WORK REQUIRED: The records below must be transcribed precisely and in full.

[Recorded data]
-- Opening Marker --
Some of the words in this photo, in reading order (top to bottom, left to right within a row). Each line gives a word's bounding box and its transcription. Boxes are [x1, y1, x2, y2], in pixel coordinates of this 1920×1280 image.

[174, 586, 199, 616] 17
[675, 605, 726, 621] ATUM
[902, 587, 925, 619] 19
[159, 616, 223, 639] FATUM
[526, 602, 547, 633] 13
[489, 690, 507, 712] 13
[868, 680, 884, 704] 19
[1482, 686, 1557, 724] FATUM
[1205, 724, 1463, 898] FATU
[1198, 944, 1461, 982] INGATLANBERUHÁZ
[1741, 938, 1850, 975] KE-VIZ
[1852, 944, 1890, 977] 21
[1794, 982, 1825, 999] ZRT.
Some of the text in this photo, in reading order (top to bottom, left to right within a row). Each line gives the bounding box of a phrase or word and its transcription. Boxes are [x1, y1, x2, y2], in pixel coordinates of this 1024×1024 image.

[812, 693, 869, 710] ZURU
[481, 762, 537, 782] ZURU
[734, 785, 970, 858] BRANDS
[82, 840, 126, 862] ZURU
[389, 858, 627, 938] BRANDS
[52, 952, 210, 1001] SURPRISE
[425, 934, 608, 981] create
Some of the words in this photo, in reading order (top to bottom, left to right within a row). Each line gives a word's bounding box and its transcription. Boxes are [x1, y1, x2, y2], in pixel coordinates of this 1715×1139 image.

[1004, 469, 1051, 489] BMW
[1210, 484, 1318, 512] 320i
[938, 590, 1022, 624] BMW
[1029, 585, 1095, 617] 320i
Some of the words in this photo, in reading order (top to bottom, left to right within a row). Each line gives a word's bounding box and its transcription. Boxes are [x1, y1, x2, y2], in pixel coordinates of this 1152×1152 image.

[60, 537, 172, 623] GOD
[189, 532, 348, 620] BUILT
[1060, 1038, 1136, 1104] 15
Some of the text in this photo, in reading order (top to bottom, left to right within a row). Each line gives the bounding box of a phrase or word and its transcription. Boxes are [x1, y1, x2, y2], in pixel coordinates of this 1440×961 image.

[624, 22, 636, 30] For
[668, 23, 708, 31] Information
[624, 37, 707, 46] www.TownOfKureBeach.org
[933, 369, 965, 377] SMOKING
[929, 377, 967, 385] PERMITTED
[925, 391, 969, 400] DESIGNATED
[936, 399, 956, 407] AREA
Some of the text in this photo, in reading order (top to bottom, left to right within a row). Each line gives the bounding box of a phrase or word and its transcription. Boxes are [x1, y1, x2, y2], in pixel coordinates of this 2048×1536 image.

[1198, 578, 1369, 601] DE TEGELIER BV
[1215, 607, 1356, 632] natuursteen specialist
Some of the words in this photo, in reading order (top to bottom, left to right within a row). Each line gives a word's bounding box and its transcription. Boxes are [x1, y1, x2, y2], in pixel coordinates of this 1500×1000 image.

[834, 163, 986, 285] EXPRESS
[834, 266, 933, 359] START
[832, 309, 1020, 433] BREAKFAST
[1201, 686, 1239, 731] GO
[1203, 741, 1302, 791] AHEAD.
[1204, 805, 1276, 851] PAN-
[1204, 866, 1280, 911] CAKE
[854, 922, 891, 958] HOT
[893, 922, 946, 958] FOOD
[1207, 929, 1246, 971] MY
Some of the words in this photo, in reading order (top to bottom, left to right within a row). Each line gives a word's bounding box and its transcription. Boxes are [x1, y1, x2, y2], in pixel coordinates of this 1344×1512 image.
-- Closing Marker --
SOLUTION TO THIS PROBLEM:
Some of the words in this photo, in reading order (top to bottom, left to right within a row). Each line gives a word's bounding box and its transcription. Boxes are [x1, y1, x2, y2], in pixel coordinates of this 1920×1280 image.

[174, 586, 199, 616] 17
[675, 605, 726, 621] ATUM
[902, 587, 925, 619] 19
[159, 616, 223, 639] FATUM
[526, 602, 547, 633] 13
[489, 690, 507, 712] 13
[868, 680, 884, 704] 19
[1482, 686, 1557, 724] FATUM
[1205, 724, 1463, 898] FATU
[1198, 944, 1461, 982] INGATLANBERUHÁZ
[1741, 938, 1850, 975] KE-VIZ
[1852, 944, 1890, 977] 21
[1794, 982, 1825, 999] ZRT.
Some of the text in this photo, in reading order (top to bottom, left to right within a row). Each line gives the bounding box of a phrase or word and its transcription. Boxes are [x1, y1, x2, y2], in pixel coordinates of this 1024×1024 image.

[812, 693, 869, 710] ZURU
[481, 762, 537, 782] ZURU
[734, 785, 970, 858] BRANDS
[82, 840, 126, 862] ZURU
[389, 858, 627, 938] BRANDS
[52, 952, 210, 1001] SURPRISE
[425, 934, 608, 981] create
Some of the words in this photo, in reading order (top to bottom, left to right within a row). Each line gives a word's bounding box and its transcription. Boxes are [x1, y1, x2, y2], in pixel coordinates of this 1715×1139 image.

[1004, 469, 1051, 489] BMW
[1210, 484, 1318, 512] 320i
[938, 590, 1022, 624] BMW
[1029, 585, 1095, 617] 320i
Some of the words in this photo, in reading order (top to bottom, left to right within a row). Each line gives a word's bounding box and its transcription. Boxes are [x1, y1, x2, y2], in pixel coordinates of this 1152×1152 image.

[60, 537, 172, 623] GOD
[189, 532, 348, 620] BUILT
[1060, 1038, 1136, 1104] 15
Some of the text in this photo, in reading order (top to bottom, left to right within a row). Each line gives the bounding box of a phrase or word and its transcription. Boxes are [x1, y1, x2, y2], in pixel coordinates of this 1440×961 image.

[624, 22, 636, 30] For
[668, 23, 708, 31] Information
[624, 37, 707, 46] www.TownOfKureBeach.org
[933, 369, 965, 377] SMOKING
[929, 377, 967, 385] PERMITTED
[925, 391, 969, 400] DESIGNATED
[936, 399, 956, 407] AREA
Some of the text in this photo, in reading order (top to bottom, left to right within a row). Each line gives the bounding box of a phrase or word and its transcription. Boxes are [x1, y1, x2, y2], in pixel coordinates of this 2048×1536 image.

[1198, 578, 1369, 601] DE TEGELIER BV
[1215, 607, 1356, 632] natuursteen specialist
Some of the words in this photo, in reading order (top to bottom, left to right within a row). Each line gives a word's bounding box and its transcription. Boxes are [x1, y1, x2, y2], in pixel coordinates of this 1500×1000 image.

[834, 163, 986, 285] EXPRESS
[834, 266, 933, 359] START
[832, 309, 1020, 433] BREAKFAST
[1201, 686, 1239, 731] GO
[1203, 741, 1302, 791] AHEAD.
[1204, 805, 1276, 851] PAN-
[1204, 866, 1280, 911] CAKE
[854, 922, 891, 958] HOT
[893, 922, 946, 958] FOOD
[1207, 929, 1246, 971] MY
Some of the words in this photo, in reading order (top to bottom, left to right within a row). Each line gives a word's bounding box and its transcription. Boxes are [x1, y1, x2, y2], in pixel coordinates of this 1344×1512 image.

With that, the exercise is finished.